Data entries
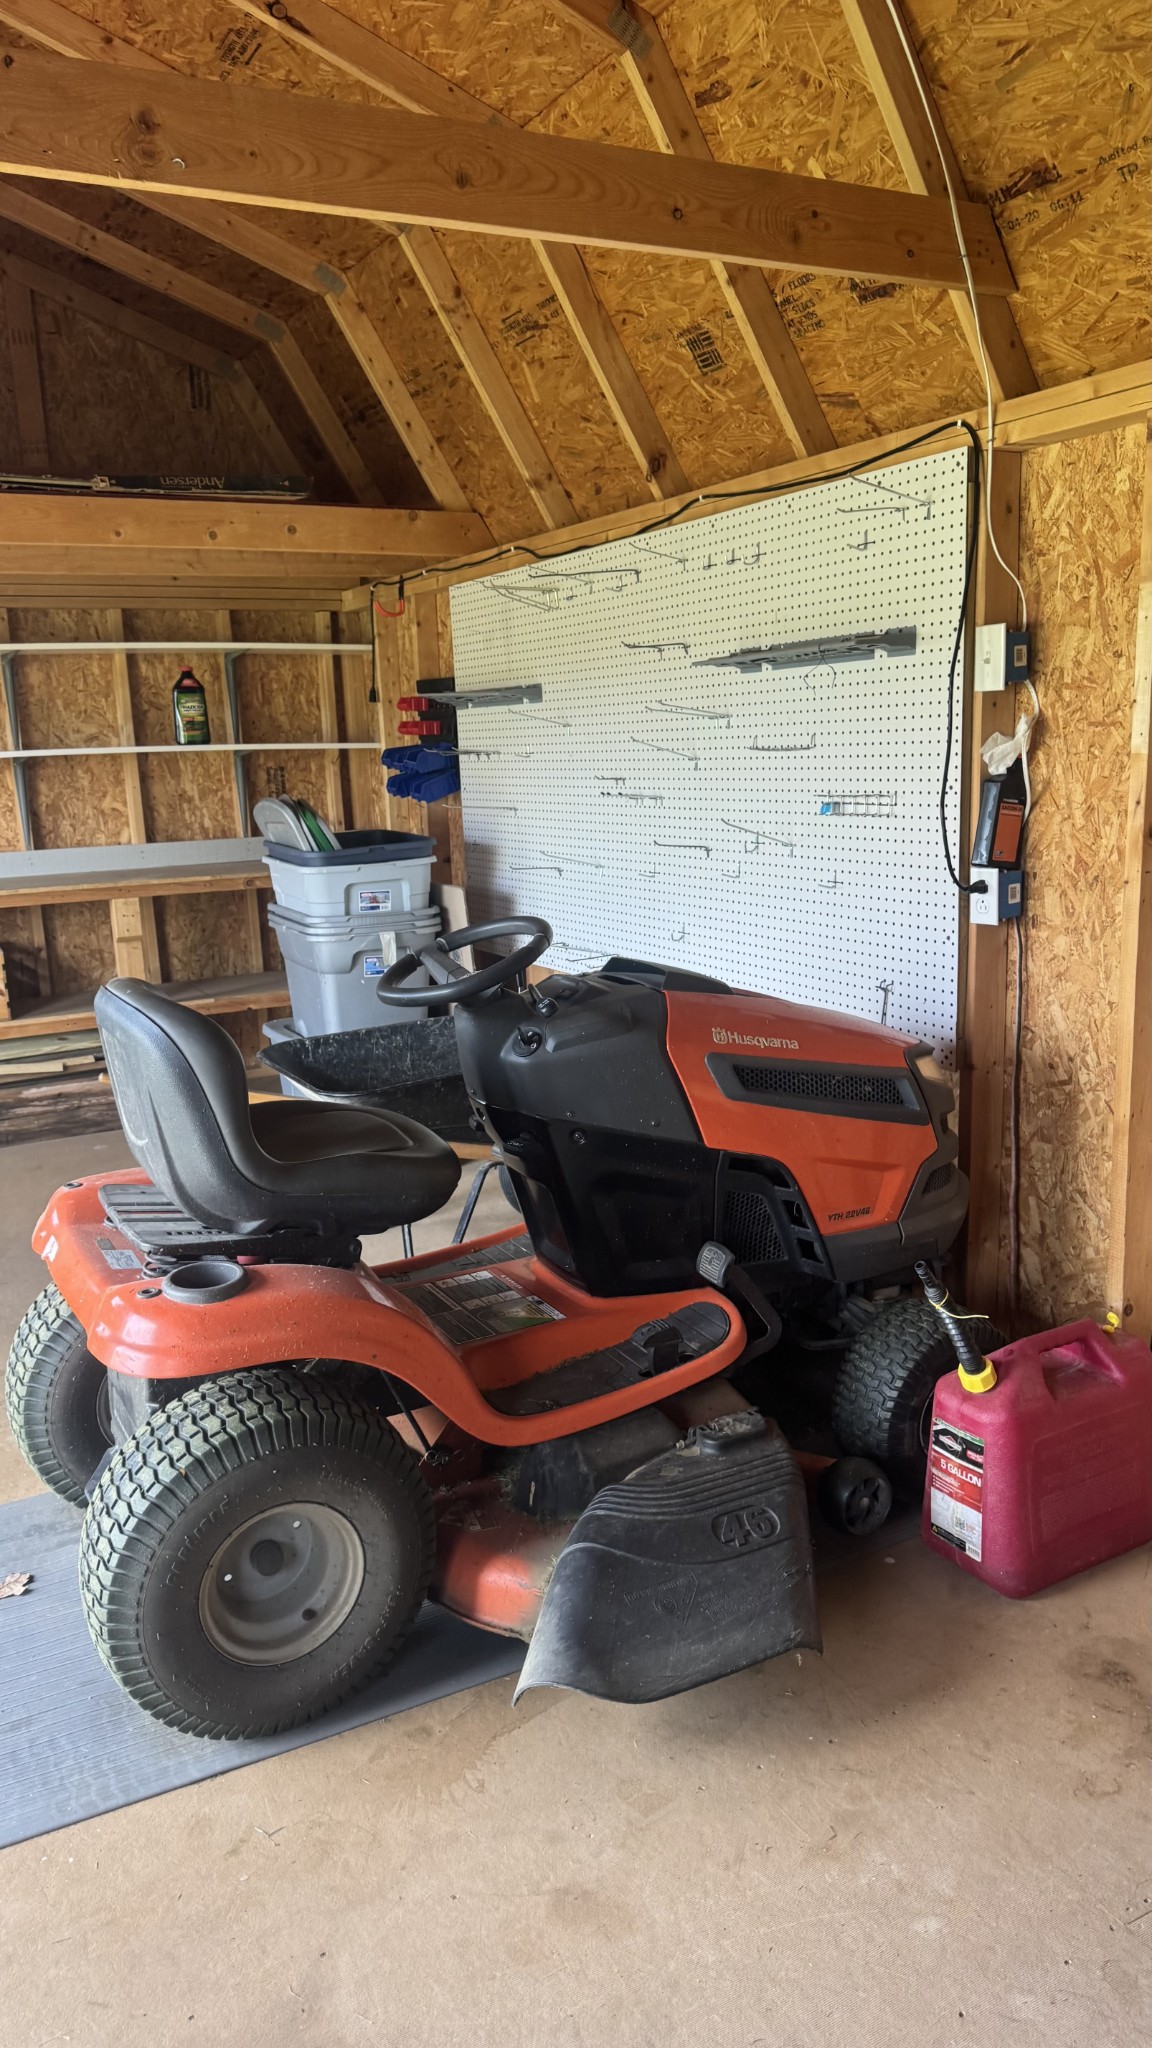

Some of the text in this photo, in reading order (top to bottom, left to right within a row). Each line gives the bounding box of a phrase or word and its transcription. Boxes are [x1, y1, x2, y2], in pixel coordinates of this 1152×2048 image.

[159, 476, 225, 489] Andersen
[727, 1030, 800, 1050] Husqvarna
[828, 1206, 870, 1222] YTH 22V46
[940, 1458, 947, 1470] 5
[947, 1463, 982, 1488] GALLON
[719, 1505, 777, 1548] 46

▶ [TASK]: Give the records back exactly. Leave the pictures out.

▶ [ANSWER]:
Some of the text in this photo, in reading order (top to bottom, left to right within a row). Each line gives the bounding box of a phrase or word and its transcription. Boxes are [x1, y1, x2, y2], in pixel coordinates of this 1152×2048 image.

[159, 476, 225, 489] Andersen
[727, 1030, 800, 1050] Husqvarna
[828, 1206, 870, 1222] YTH 22V46
[940, 1458, 947, 1470] 5
[947, 1463, 982, 1488] GALLON
[719, 1505, 777, 1548] 46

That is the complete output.